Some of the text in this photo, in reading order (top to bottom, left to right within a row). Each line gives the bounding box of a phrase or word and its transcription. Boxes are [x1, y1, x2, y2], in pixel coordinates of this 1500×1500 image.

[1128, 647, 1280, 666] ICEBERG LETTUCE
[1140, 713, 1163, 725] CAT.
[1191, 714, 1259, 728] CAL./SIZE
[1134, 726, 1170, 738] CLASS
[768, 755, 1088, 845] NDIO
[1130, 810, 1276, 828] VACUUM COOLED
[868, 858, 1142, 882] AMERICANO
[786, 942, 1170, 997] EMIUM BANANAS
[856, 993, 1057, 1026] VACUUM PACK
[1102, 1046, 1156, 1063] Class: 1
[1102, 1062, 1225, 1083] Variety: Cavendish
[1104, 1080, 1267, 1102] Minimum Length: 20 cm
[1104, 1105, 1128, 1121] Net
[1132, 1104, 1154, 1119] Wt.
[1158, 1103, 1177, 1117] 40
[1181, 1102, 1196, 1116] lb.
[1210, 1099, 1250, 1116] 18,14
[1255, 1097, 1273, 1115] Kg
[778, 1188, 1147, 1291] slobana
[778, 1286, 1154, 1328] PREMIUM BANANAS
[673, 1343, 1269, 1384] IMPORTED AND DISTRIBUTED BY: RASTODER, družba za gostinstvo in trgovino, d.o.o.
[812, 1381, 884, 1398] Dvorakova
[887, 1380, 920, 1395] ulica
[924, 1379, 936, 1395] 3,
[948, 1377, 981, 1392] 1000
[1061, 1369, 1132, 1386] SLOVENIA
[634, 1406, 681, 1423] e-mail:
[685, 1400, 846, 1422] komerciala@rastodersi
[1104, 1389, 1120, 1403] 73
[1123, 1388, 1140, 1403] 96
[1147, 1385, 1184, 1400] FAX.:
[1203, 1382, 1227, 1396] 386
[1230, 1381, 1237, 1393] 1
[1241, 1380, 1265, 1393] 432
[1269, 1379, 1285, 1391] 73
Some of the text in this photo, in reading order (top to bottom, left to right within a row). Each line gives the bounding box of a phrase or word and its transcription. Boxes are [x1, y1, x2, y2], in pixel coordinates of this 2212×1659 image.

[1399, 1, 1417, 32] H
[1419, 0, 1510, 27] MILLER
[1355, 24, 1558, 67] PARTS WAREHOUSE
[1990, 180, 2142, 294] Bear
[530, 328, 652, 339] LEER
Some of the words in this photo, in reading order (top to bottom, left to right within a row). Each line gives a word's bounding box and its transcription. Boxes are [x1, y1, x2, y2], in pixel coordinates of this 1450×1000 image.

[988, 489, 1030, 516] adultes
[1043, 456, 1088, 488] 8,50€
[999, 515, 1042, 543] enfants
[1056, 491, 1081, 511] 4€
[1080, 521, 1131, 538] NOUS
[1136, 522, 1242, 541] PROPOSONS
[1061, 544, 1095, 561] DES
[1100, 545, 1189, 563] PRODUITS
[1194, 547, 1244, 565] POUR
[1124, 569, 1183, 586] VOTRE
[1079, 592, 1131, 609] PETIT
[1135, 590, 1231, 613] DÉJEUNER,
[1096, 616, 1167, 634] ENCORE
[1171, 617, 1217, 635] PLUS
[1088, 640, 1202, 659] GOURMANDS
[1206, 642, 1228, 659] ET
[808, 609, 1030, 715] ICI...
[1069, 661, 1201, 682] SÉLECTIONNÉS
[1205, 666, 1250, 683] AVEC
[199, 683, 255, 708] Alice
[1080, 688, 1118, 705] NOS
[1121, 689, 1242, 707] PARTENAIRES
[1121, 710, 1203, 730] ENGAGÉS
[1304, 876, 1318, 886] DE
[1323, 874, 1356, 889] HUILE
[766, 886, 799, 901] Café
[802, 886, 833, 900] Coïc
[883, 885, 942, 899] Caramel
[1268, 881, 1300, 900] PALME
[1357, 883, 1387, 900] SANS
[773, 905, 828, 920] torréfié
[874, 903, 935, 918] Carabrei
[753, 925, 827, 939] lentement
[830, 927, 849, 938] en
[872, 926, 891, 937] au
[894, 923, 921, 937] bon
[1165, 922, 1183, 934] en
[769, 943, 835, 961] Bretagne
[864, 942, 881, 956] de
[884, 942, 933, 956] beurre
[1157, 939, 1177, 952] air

**Exercise directions:**
Nothing should be left out. Reproduce all the entries precisely.

**Answer:**
Some of the text in this photo, in reading order (top to bottom, left to right within a row). Each line gives the bounding box of a phrase or word and its transcription. Boxes are [x1, y1, x2, y2], in pixel coordinates of this 1500×1500 image.

[1128, 647, 1280, 666] ICEBERG LETTUCE
[1140, 713, 1163, 725] CAT.
[1191, 714, 1259, 728] CAL./SIZE
[1134, 726, 1170, 738] CLASS
[768, 755, 1088, 845] NDIO
[1130, 810, 1276, 828] VACUUM COOLED
[868, 858, 1142, 882] AMERICANO
[786, 942, 1170, 997] EMIUM BANANAS
[856, 993, 1057, 1026] VACUUM PACK
[1102, 1046, 1156, 1063] Class: 1
[1102, 1062, 1225, 1083] Variety: Cavendish
[1104, 1080, 1267, 1102] Minimum Length: 20 cm
[1104, 1105, 1128, 1121] Net
[1132, 1104, 1154, 1119] Wt.
[1158, 1103, 1177, 1117] 40
[1181, 1102, 1196, 1116] lb.
[1210, 1099, 1250, 1116] 18,14
[1255, 1097, 1273, 1115] Kg
[778, 1188, 1147, 1291] slobana
[778, 1286, 1154, 1328] PREMIUM BANANAS
[673, 1343, 1269, 1384] IMPORTED AND DISTRIBUTED BY: RASTODER, družba za gostinstvo in trgovino, d.o.o.
[812, 1381, 884, 1398] Dvorakova
[887, 1380, 920, 1395] ulica
[924, 1379, 936, 1395] 3,
[948, 1377, 981, 1392] 1000
[1061, 1369, 1132, 1386] SLOVENIA
[634, 1406, 681, 1423] e-mail:
[685, 1400, 846, 1422] komerciala@rastodersi
[1104, 1389, 1120, 1403] 73
[1123, 1388, 1140, 1403] 96
[1147, 1385, 1184, 1400] FAX.:
[1203, 1382, 1227, 1396] 386
[1230, 1381, 1237, 1393] 1
[1241, 1380, 1265, 1393] 432
[1269, 1379, 1285, 1391] 73
Some of the text in this photo, in reading order (top to bottom, left to right within a row). Each line gives the bounding box of a phrase or word and its transcription. Boxes are [x1, y1, x2, y2], in pixel coordinates of this 2212×1659 image.

[1399, 1, 1417, 32] H
[1419, 0, 1510, 27] MILLER
[1355, 24, 1558, 67] PARTS WAREHOUSE
[1990, 180, 2142, 294] Bear
[530, 328, 652, 339] LEER
Some of the words in this photo, in reading order (top to bottom, left to right within a row). Each line gives a word's bounding box and its transcription. Boxes are [x1, y1, x2, y2], in pixel coordinates of this 1450×1000 image.

[988, 489, 1030, 516] adultes
[1043, 456, 1088, 488] 8,50€
[999, 515, 1042, 543] enfants
[1056, 491, 1081, 511] 4€
[1080, 521, 1131, 538] NOUS
[1136, 522, 1242, 541] PROPOSONS
[1061, 544, 1095, 561] DES
[1100, 545, 1189, 563] PRODUITS
[1194, 547, 1244, 565] POUR
[1124, 569, 1183, 586] VOTRE
[1079, 592, 1131, 609] PETIT
[1135, 590, 1231, 613] DÉJEUNER,
[1096, 616, 1167, 634] ENCORE
[1171, 617, 1217, 635] PLUS
[1088, 640, 1202, 659] GOURMANDS
[1206, 642, 1228, 659] ET
[808, 609, 1030, 715] ICI...
[1069, 661, 1201, 682] SÉLECTIONNÉS
[1205, 666, 1250, 683] AVEC
[199, 683, 255, 708] Alice
[1080, 688, 1118, 705] NOS
[1121, 689, 1242, 707] PARTENAIRES
[1121, 710, 1203, 730] ENGAGÉS
[1304, 876, 1318, 886] DE
[1323, 874, 1356, 889] HUILE
[766, 886, 799, 901] Café
[802, 886, 833, 900] Coïc
[883, 885, 942, 899] Caramel
[1268, 881, 1300, 900] PALME
[1357, 883, 1387, 900] SANS
[773, 905, 828, 920] torréfié
[874, 903, 935, 918] Carabrei
[753, 925, 827, 939] lentement
[830, 927, 849, 938] en
[872, 926, 891, 937] au
[894, 923, 921, 937] bon
[1165, 922, 1183, 934] en
[769, 943, 835, 961] Bretagne
[864, 942, 881, 956] de
[884, 942, 933, 956] beurre
[1157, 939, 1177, 952] air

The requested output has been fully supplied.